== Segment start ==

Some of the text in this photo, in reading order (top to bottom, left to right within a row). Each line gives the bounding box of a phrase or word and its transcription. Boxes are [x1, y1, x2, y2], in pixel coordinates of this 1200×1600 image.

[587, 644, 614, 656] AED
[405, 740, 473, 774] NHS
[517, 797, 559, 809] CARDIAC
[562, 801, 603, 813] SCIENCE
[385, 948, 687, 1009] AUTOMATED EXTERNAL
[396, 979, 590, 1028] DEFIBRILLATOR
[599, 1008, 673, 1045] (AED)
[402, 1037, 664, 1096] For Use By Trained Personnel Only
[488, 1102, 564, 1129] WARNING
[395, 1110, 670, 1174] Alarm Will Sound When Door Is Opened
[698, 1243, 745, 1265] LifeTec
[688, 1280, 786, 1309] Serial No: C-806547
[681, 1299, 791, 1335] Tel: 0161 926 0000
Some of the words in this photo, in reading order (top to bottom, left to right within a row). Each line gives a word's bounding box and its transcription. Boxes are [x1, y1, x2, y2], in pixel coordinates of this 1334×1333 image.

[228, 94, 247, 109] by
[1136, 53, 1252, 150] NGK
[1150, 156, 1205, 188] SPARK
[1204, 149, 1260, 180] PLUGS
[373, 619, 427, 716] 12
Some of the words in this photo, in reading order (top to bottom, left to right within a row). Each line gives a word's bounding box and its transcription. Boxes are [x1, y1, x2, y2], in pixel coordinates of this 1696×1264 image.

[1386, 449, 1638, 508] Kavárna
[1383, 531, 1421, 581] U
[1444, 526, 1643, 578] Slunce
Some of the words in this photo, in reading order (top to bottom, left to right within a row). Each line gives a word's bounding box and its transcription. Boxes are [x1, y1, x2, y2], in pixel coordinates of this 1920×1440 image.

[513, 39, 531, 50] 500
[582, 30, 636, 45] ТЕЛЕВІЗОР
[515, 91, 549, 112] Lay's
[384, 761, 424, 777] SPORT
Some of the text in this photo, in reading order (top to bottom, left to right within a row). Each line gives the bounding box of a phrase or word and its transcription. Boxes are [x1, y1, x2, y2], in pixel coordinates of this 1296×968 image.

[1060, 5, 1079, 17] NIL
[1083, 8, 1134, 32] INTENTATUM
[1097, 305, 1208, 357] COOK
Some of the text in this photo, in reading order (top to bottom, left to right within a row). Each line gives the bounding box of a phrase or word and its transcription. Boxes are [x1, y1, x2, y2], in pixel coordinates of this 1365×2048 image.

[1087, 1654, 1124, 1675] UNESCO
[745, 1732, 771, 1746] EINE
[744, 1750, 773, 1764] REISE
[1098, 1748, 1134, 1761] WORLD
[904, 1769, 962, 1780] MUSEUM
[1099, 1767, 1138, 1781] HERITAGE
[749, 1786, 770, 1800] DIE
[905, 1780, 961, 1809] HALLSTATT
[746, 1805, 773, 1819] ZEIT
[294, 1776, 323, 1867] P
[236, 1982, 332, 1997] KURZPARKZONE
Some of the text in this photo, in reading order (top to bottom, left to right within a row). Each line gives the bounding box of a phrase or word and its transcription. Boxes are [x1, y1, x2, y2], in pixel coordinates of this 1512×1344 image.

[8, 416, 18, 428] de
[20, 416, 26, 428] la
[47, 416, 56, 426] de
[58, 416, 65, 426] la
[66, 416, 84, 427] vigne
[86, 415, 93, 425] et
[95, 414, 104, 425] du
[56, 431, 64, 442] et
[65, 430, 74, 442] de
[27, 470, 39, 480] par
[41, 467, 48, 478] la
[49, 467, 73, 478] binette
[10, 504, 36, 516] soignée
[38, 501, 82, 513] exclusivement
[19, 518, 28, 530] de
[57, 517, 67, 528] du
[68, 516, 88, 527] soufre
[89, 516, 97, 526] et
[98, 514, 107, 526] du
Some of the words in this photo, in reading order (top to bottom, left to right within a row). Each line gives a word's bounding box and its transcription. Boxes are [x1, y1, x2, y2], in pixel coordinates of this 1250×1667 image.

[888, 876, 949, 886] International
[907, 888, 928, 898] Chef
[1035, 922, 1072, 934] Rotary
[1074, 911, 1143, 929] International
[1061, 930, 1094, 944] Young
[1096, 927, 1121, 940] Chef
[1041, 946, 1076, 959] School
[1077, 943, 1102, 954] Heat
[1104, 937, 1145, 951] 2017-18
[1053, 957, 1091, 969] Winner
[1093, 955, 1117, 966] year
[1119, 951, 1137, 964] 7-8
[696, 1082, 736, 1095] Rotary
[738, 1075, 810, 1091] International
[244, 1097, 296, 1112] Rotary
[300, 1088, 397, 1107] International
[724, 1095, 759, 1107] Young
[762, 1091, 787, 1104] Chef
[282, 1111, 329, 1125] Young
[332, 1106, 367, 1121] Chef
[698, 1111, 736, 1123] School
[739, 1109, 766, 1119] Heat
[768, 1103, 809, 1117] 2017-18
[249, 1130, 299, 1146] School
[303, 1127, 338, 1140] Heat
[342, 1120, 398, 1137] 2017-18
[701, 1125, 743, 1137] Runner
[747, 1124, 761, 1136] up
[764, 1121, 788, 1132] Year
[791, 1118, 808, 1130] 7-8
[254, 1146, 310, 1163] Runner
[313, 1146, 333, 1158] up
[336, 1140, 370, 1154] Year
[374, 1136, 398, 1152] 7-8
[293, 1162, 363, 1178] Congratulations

== Segment end ==

◆ **What you will do**: Restate the material word for word.

◆ **Response area**:
Some of the text in this photo, in reading order (top to bottom, left to right within a row). Each line gives the bounding box of a phrase or word and its transcription. Boxes are [x1, y1, x2, y2], in pixel coordinates of this 1200×1600 image.

[587, 644, 614, 656] AED
[405, 740, 473, 774] NHS
[517, 797, 559, 809] CARDIAC
[562, 801, 603, 813] SCIENCE
[385, 948, 687, 1009] AUTOMATED EXTERNAL
[396, 979, 590, 1028] DEFIBRILLATOR
[599, 1008, 673, 1045] (AED)
[402, 1037, 664, 1096] For Use By Trained Personnel Only
[488, 1102, 564, 1129] WARNING
[395, 1110, 670, 1174] Alarm Will Sound When Door Is Opened
[698, 1243, 745, 1265] LifeTec
[688, 1280, 786, 1309] Serial No: C-806547
[681, 1299, 791, 1335] Tel: 0161 926 0000
Some of the words in this photo, in reading order (top to bottom, left to right within a row). Each line gives a word's bounding box and its transcription. Boxes are [x1, y1, x2, y2], in pixel coordinates of this 1334×1333 image.

[228, 94, 247, 109] by
[1136, 53, 1252, 150] NGK
[1150, 156, 1205, 188] SPARK
[1204, 149, 1260, 180] PLUGS
[373, 619, 427, 716] 12
Some of the words in this photo, in reading order (top to bottom, left to right within a row). Each line gives a word's bounding box and its transcription. Boxes are [x1, y1, x2, y2], in pixel coordinates of this 1696×1264 image.

[1386, 449, 1638, 508] Kavárna
[1383, 531, 1421, 581] U
[1444, 526, 1643, 578] Slunce
Some of the words in this photo, in reading order (top to bottom, left to right within a row). Each line gives a word's bounding box and its transcription. Boxes are [x1, y1, x2, y2], in pixel coordinates of this 1920×1440 image.

[513, 39, 531, 50] 500
[582, 30, 636, 45] ТЕЛЕВІЗОР
[515, 91, 549, 112] Lay's
[384, 761, 424, 777] SPORT
Some of the text in this photo, in reading order (top to bottom, left to right within a row). Each line gives the bounding box of a phrase or word and its transcription. Boxes are [x1, y1, x2, y2], in pixel coordinates of this 1296×968 image.

[1060, 5, 1079, 17] NIL
[1083, 8, 1134, 32] INTENTATUM
[1097, 305, 1208, 357] COOK
Some of the text in this photo, in reading order (top to bottom, left to right within a row). Each line gives the bounding box of a phrase or word and its transcription. Boxes are [x1, y1, x2, y2], in pixel coordinates of this 1365×2048 image.

[1087, 1654, 1124, 1675] UNESCO
[745, 1732, 771, 1746] EINE
[744, 1750, 773, 1764] REISE
[1098, 1748, 1134, 1761] WORLD
[904, 1769, 962, 1780] MUSEUM
[1099, 1767, 1138, 1781] HERITAGE
[749, 1786, 770, 1800] DIE
[905, 1780, 961, 1809] HALLSTATT
[746, 1805, 773, 1819] ZEIT
[294, 1776, 323, 1867] P
[236, 1982, 332, 1997] KURZPARKZONE
Some of the text in this photo, in reading order (top to bottom, left to right within a row). Each line gives the bounding box of a phrase or word and its transcription. Boxes are [x1, y1, x2, y2], in pixel coordinates of this 1512×1344 image.

[8, 416, 18, 428] de
[20, 416, 26, 428] la
[47, 416, 56, 426] de
[58, 416, 65, 426] la
[66, 416, 84, 427] vigne
[86, 415, 93, 425] et
[95, 414, 104, 425] du
[56, 431, 64, 442] et
[65, 430, 74, 442] de
[27, 470, 39, 480] par
[41, 467, 48, 478] la
[49, 467, 73, 478] binette
[10, 504, 36, 516] soignée
[38, 501, 82, 513] exclusivement
[19, 518, 28, 530] de
[57, 517, 67, 528] du
[68, 516, 88, 527] soufre
[89, 516, 97, 526] et
[98, 514, 107, 526] du
Some of the words in this photo, in reading order (top to bottom, left to right within a row). Each line gives a word's bounding box and its transcription. Boxes are [x1, y1, x2, y2], in pixel coordinates of this 1250×1667 image.

[888, 876, 949, 886] International
[907, 888, 928, 898] Chef
[1035, 922, 1072, 934] Rotary
[1074, 911, 1143, 929] International
[1061, 930, 1094, 944] Young
[1096, 927, 1121, 940] Chef
[1041, 946, 1076, 959] School
[1077, 943, 1102, 954] Heat
[1104, 937, 1145, 951] 2017-18
[1053, 957, 1091, 969] Winner
[1093, 955, 1117, 966] year
[1119, 951, 1137, 964] 7-8
[696, 1082, 736, 1095] Rotary
[738, 1075, 810, 1091] International
[244, 1097, 296, 1112] Rotary
[300, 1088, 397, 1107] International
[724, 1095, 759, 1107] Young
[762, 1091, 787, 1104] Chef
[282, 1111, 329, 1125] Young
[332, 1106, 367, 1121] Chef
[698, 1111, 736, 1123] School
[739, 1109, 766, 1119] Heat
[768, 1103, 809, 1117] 2017-18
[249, 1130, 299, 1146] School
[303, 1127, 338, 1140] Heat
[342, 1120, 398, 1137] 2017-18
[701, 1125, 743, 1137] Runner
[747, 1124, 761, 1136] up
[764, 1121, 788, 1132] Year
[791, 1118, 808, 1130] 7-8
[254, 1146, 310, 1163] Runner
[313, 1146, 333, 1158] up
[336, 1140, 370, 1154] Year
[374, 1136, 398, 1152] 7-8
[293, 1162, 363, 1178] Congratulations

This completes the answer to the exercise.